Apart from the pictures, write out the records that follow exactly.
------ MATERIAL TO PROCESS ------
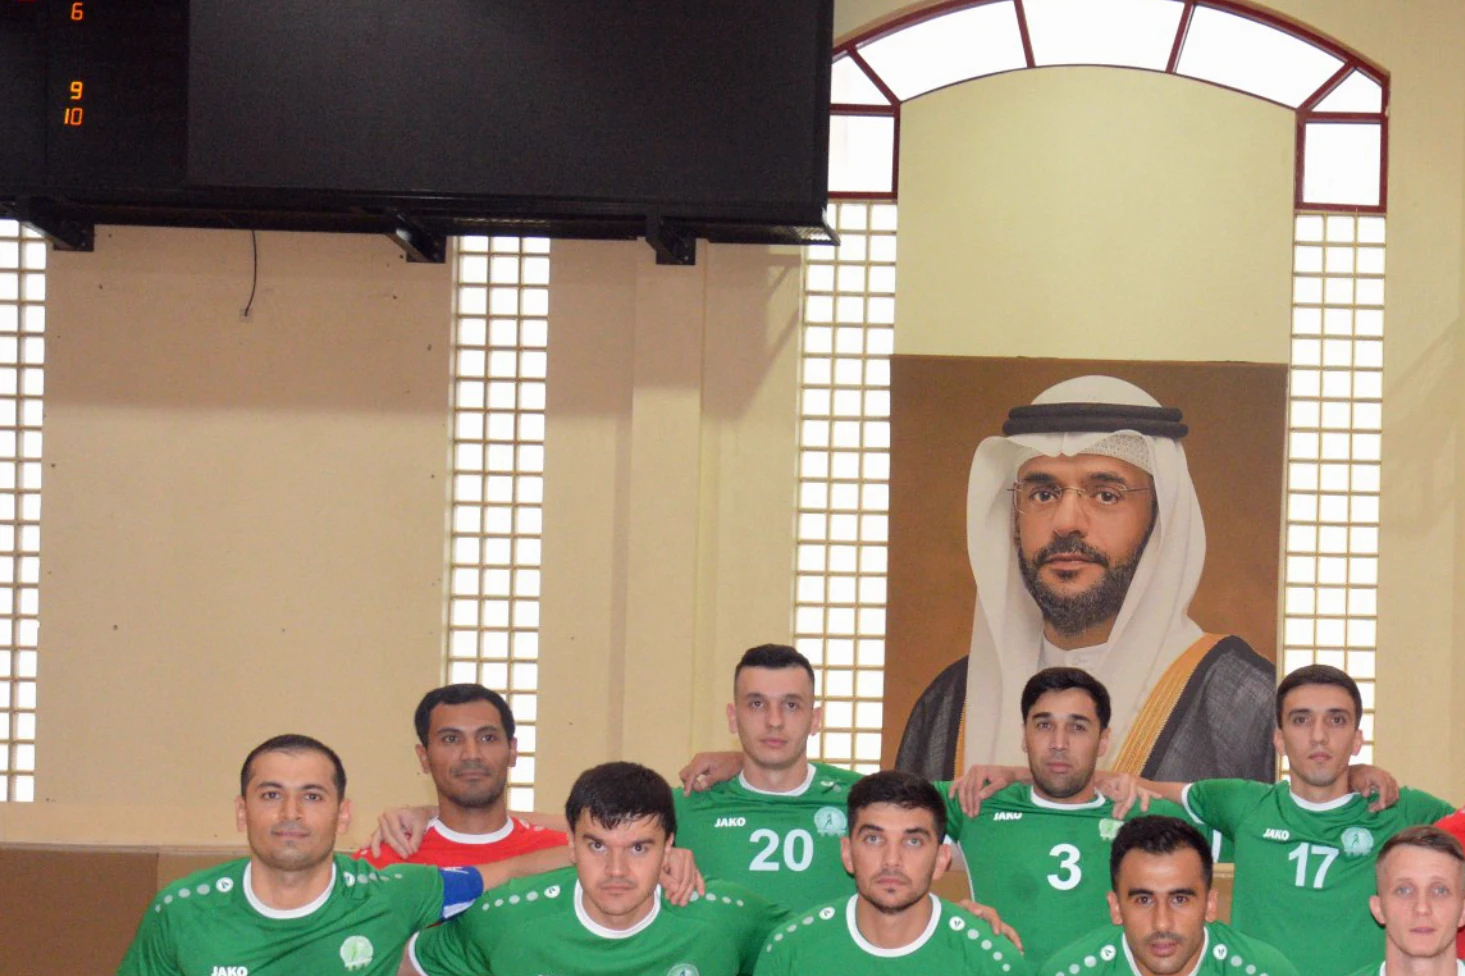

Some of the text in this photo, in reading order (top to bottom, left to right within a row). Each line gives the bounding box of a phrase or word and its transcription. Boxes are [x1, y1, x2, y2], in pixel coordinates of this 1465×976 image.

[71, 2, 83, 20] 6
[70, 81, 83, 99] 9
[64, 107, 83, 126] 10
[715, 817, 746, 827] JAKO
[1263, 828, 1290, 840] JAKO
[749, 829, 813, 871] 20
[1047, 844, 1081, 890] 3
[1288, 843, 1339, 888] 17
------
**WRITTEN ANSWER**
Some of the text in this photo, in reading order (top to bottom, left to right within a row). Each line gives the bounding box of a phrase or word and its transcription. Boxes are [x1, y1, x2, y2], in pixel coordinates of this 1465×976 image.

[71, 2, 83, 20] 6
[70, 81, 83, 99] 9
[64, 107, 83, 126] 10
[715, 817, 746, 827] JAKO
[1263, 828, 1290, 840] JAKO
[749, 829, 813, 871] 20
[1047, 844, 1081, 890] 3
[1288, 843, 1339, 888] 17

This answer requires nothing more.